▶ _What the exercise asks_:
Count the lines below containing "BLOCK"; state the number only.

───── Input for this task ─────

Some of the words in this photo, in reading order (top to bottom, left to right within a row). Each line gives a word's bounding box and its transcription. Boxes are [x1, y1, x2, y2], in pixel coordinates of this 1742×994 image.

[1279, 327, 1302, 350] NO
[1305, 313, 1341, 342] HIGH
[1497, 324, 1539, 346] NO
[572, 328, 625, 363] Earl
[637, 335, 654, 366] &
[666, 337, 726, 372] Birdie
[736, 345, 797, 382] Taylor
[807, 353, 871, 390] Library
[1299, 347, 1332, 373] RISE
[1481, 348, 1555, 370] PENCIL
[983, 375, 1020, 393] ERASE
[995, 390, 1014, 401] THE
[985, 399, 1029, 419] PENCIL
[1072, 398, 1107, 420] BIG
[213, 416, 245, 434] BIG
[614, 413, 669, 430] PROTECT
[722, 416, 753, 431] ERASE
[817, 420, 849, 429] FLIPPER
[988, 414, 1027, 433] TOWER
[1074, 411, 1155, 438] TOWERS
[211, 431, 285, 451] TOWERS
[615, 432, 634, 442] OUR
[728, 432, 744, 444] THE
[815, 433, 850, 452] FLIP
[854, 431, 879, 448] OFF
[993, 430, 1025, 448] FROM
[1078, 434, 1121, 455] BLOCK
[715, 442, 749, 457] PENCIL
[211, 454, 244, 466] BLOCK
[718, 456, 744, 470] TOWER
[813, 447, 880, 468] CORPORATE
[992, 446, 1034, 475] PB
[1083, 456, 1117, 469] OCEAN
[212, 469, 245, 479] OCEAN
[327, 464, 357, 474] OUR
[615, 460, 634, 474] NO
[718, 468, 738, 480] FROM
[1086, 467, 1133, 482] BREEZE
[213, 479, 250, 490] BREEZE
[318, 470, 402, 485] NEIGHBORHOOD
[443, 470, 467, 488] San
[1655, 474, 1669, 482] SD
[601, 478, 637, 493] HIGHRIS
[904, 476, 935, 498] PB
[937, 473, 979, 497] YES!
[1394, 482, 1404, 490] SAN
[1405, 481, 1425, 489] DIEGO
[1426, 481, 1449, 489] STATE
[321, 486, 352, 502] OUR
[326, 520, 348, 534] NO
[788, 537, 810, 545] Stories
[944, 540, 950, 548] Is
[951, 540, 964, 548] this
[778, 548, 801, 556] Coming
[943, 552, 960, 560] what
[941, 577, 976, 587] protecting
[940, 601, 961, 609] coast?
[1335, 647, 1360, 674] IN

─────

▶ _Written answer_:
2